We all want mom friends. We all need mom friends. Which begs the question: Why is it so hard to make them?

I think there is one major culprit here. 

Being a mom is exhausting.

As mothers, we work all day (whether as a SAHM or an employee). We cook, clean, do chores, manage the family’s social calendar, entertain kids, chauffeur kids, make schedules, put kids to bed, clean some more, etc.  

Oh, and we’re also supposed to exercise, read, maintain our existing friendships, and otherwise take care of ourselves. Our schedules are full, and our energy tank is empty. 

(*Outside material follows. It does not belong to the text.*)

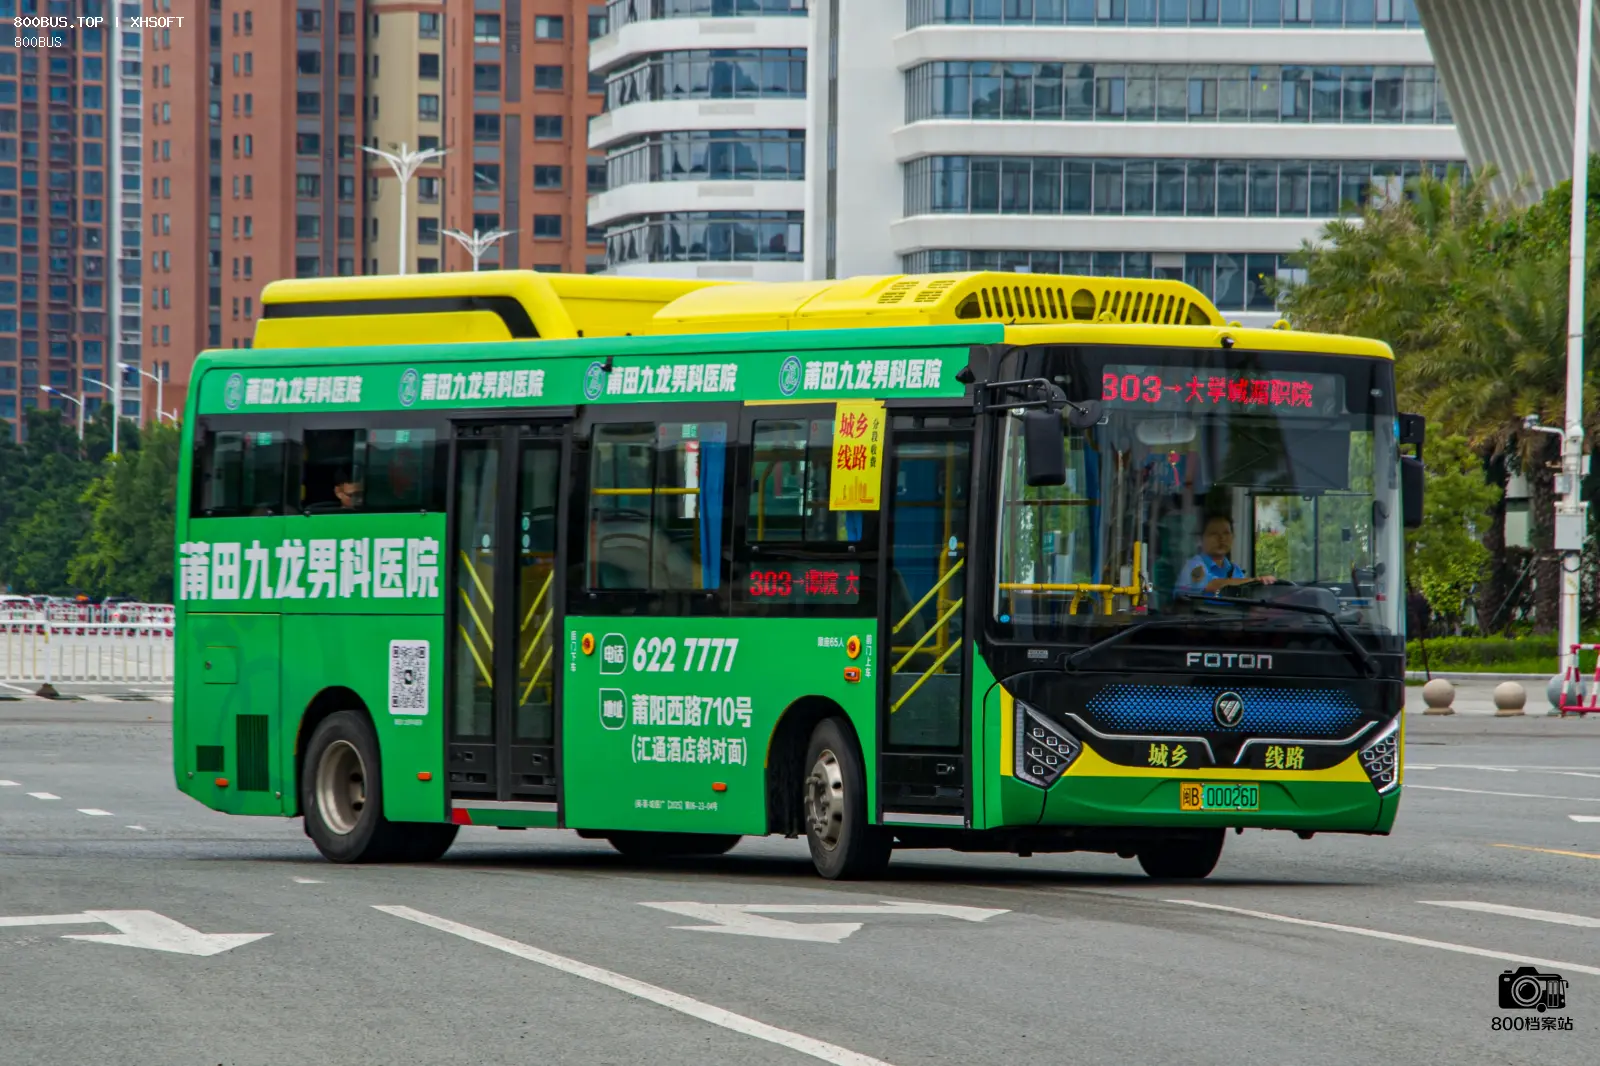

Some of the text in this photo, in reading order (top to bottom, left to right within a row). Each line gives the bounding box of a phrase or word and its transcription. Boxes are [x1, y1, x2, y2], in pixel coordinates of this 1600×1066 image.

I try to make friends. My calendar is full of various group events, but I only go to about 10% of them. I’m always so excited to add them to my list, but when the day comes, the thought of getting dressed, driving, parking, and talking to strangers is just too much. So I stay home with my family like I do every other night. Does this sound familiar to anyone else?

I don’t know how these other women do it. Then it occurred to me: maybe they don’t.

Are mom friends even real?

All the women in movies have that go-to mom friend. I see women at many events who seem to be besties, chatting, laughing, and talking about everyday things like they genuinely know each other beyond being moms. I always ask myself, why don’t I have a friend like that?

As I put together this article, I started to wonder: how realistic are my expectations? We are all buried in family, work, and life. I barely have time for myself and my spouse, let alone to build and maintain new relationships. When I do see my mom friends (which tends to be maybe 2-4 times a year), we have a great time. It’s not like we don’t want to hang out — we are just so busy.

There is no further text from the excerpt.